--- Records provided Enclosed Below ---

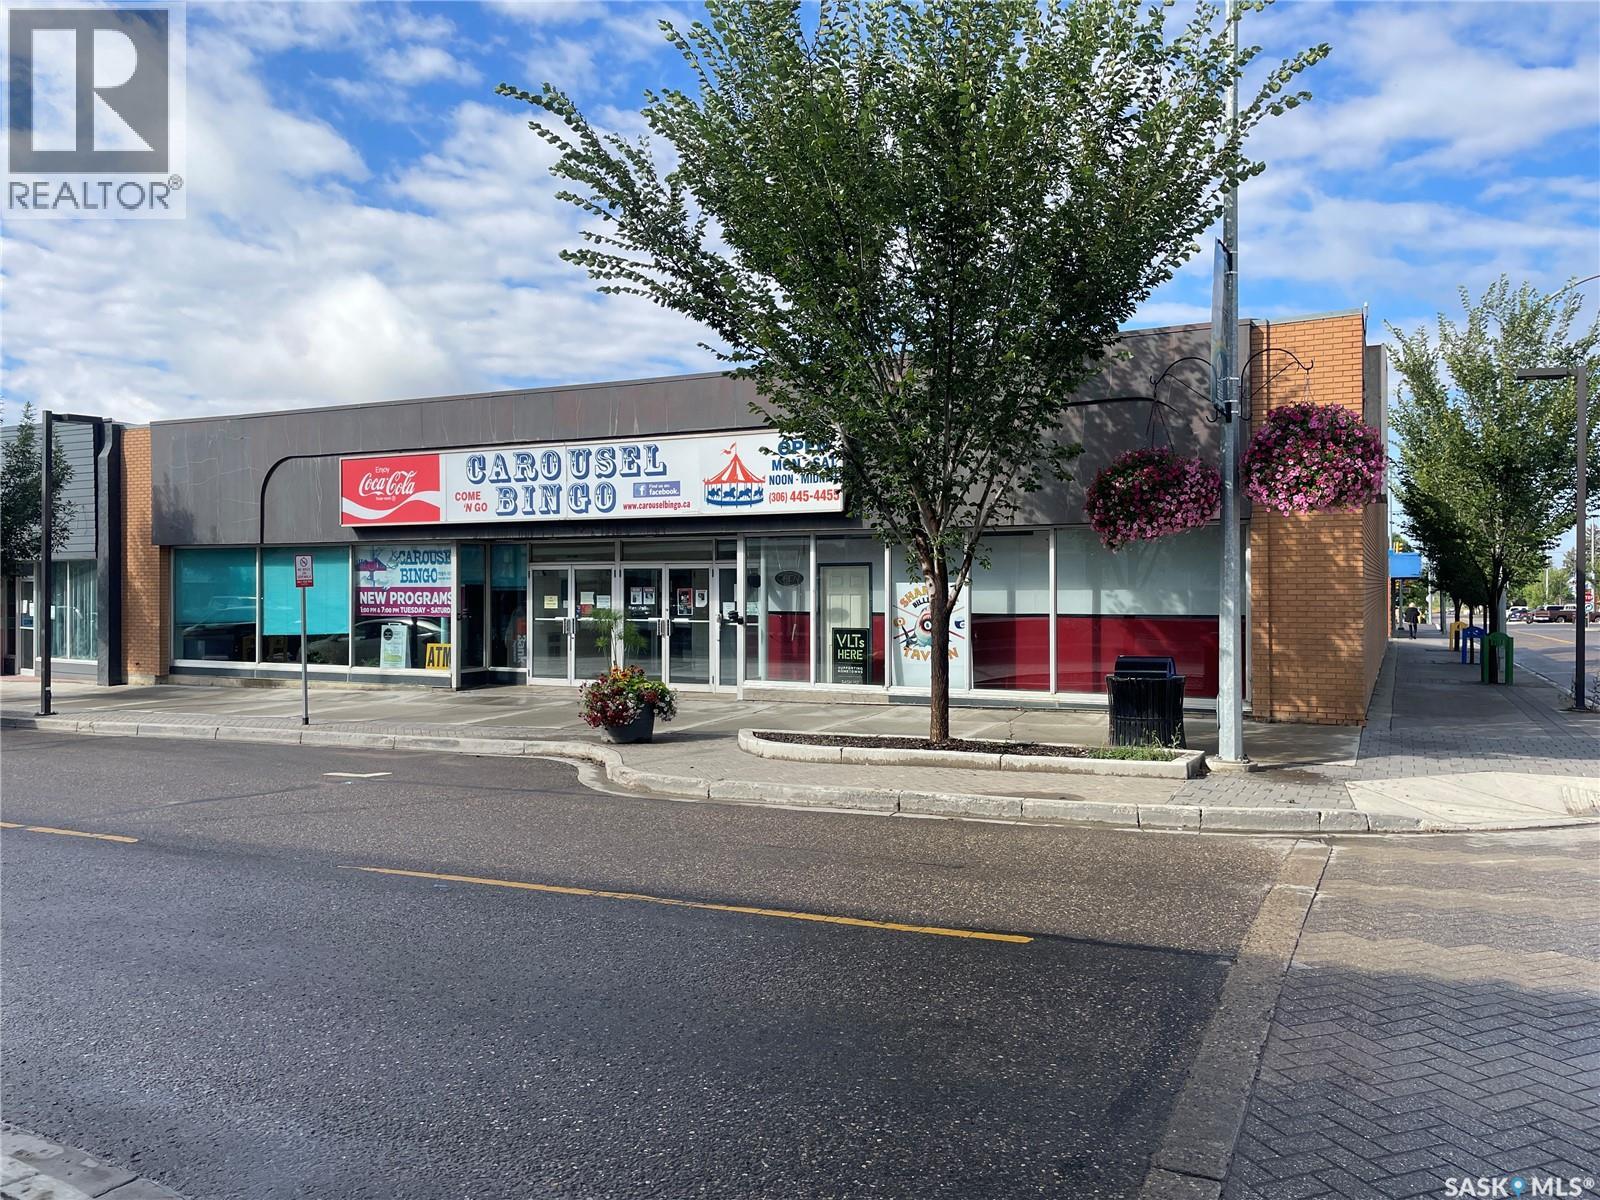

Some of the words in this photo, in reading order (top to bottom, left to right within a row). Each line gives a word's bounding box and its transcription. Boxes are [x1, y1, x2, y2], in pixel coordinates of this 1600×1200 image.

[466, 444, 667, 485] CAROUSEL
[769, 474, 794, 485] NOON
[454, 491, 481, 501] COME
[496, 481, 617, 516] BINGO
[769, 491, 788, 504] (306)
[789, 488, 840, 502] 445-4455
[474, 502, 488, 512] GO
[623, 500, 691, 511] www.carouselbingo.ca
[400, 567, 438, 583] BINGO
[360, 591, 387, 604] NEW
[836, 633, 865, 648] VLTs
[427, 646, 451, 667] ATM
[837, 649, 863, 660] HERE
[903, 646, 959, 661] TAVN
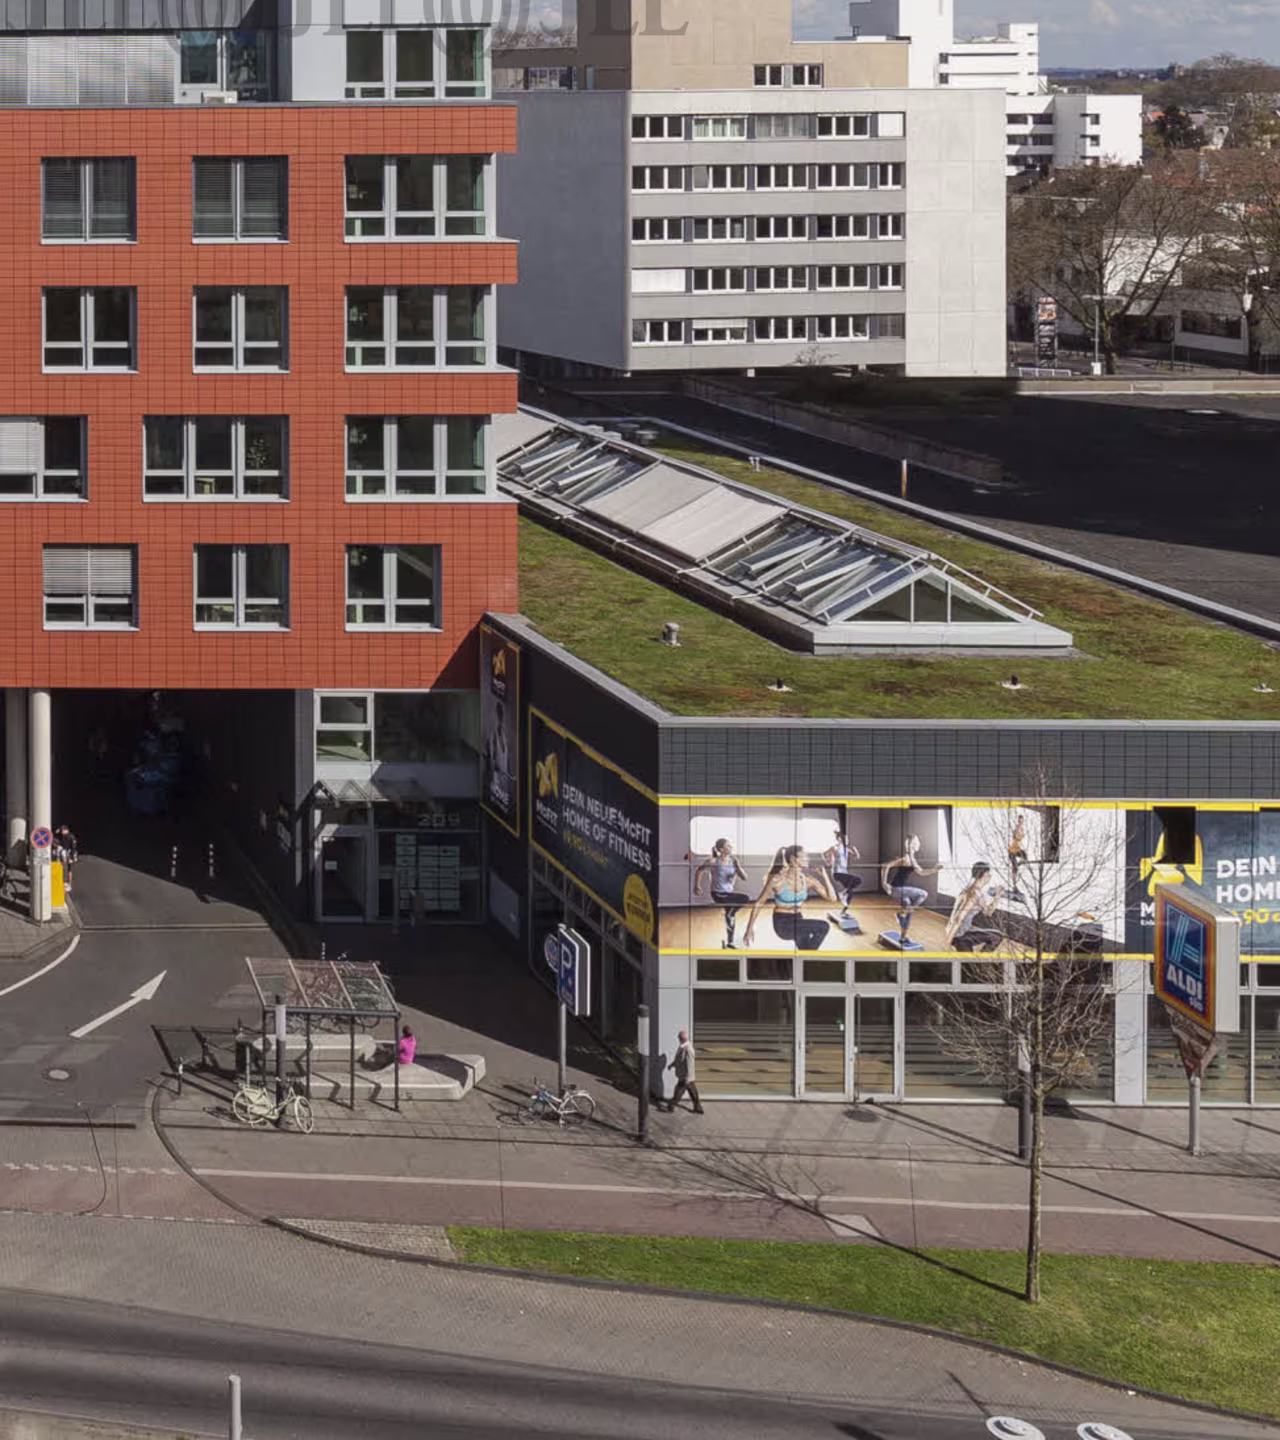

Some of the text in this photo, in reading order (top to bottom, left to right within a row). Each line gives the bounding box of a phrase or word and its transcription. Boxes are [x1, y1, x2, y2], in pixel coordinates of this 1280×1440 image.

[562, 783, 585, 809] DEIN
[622, 815, 652, 846] McFIT
[562, 805, 591, 836] HOME
[592, 823, 607, 844] OF
[608, 832, 652, 871] FITNESS
[1217, 855, 1276, 879] DEIN
[1166, 962, 1203, 1001] ALDI

--- End of Enclosed Records provided ---

Task to carry out:
Please set down each line of the listing above word for word, skipping any pictures.

Answer box:
Some of the words in this photo, in reading order (top to bottom, left to right within a row). Each line gives a word's bounding box and its transcription. Boxes are [x1, y1, x2, y2], in pixel coordinates of this 1600×1200 image.

[466, 444, 667, 485] CAROUSEL
[769, 474, 794, 485] NOON
[454, 491, 481, 501] COME
[496, 481, 617, 516] BINGO
[769, 491, 788, 504] (306)
[789, 488, 840, 502] 445-4455
[474, 502, 488, 512] GO
[623, 500, 691, 511] www.carouselbingo.ca
[400, 567, 438, 583] BINGO
[360, 591, 387, 604] NEW
[836, 633, 865, 648] VLTs
[427, 646, 451, 667] ATM
[837, 649, 863, 660] HERE
[903, 646, 959, 661] TAVN

Some of the text in this photo, in reading order (top to bottom, left to right within a row). Each line gives the bounding box of a phrase or word and its transcription. Boxes are [x1, y1, x2, y2], in pixel coordinates of this 1280×1440 image.

[562, 783, 585, 809] DEIN
[622, 815, 652, 846] McFIT
[562, 805, 591, 836] HOME
[592, 823, 607, 844] OF
[608, 832, 652, 871] FITNESS
[1217, 855, 1276, 879] DEIN
[1166, 962, 1203, 1001] ALDI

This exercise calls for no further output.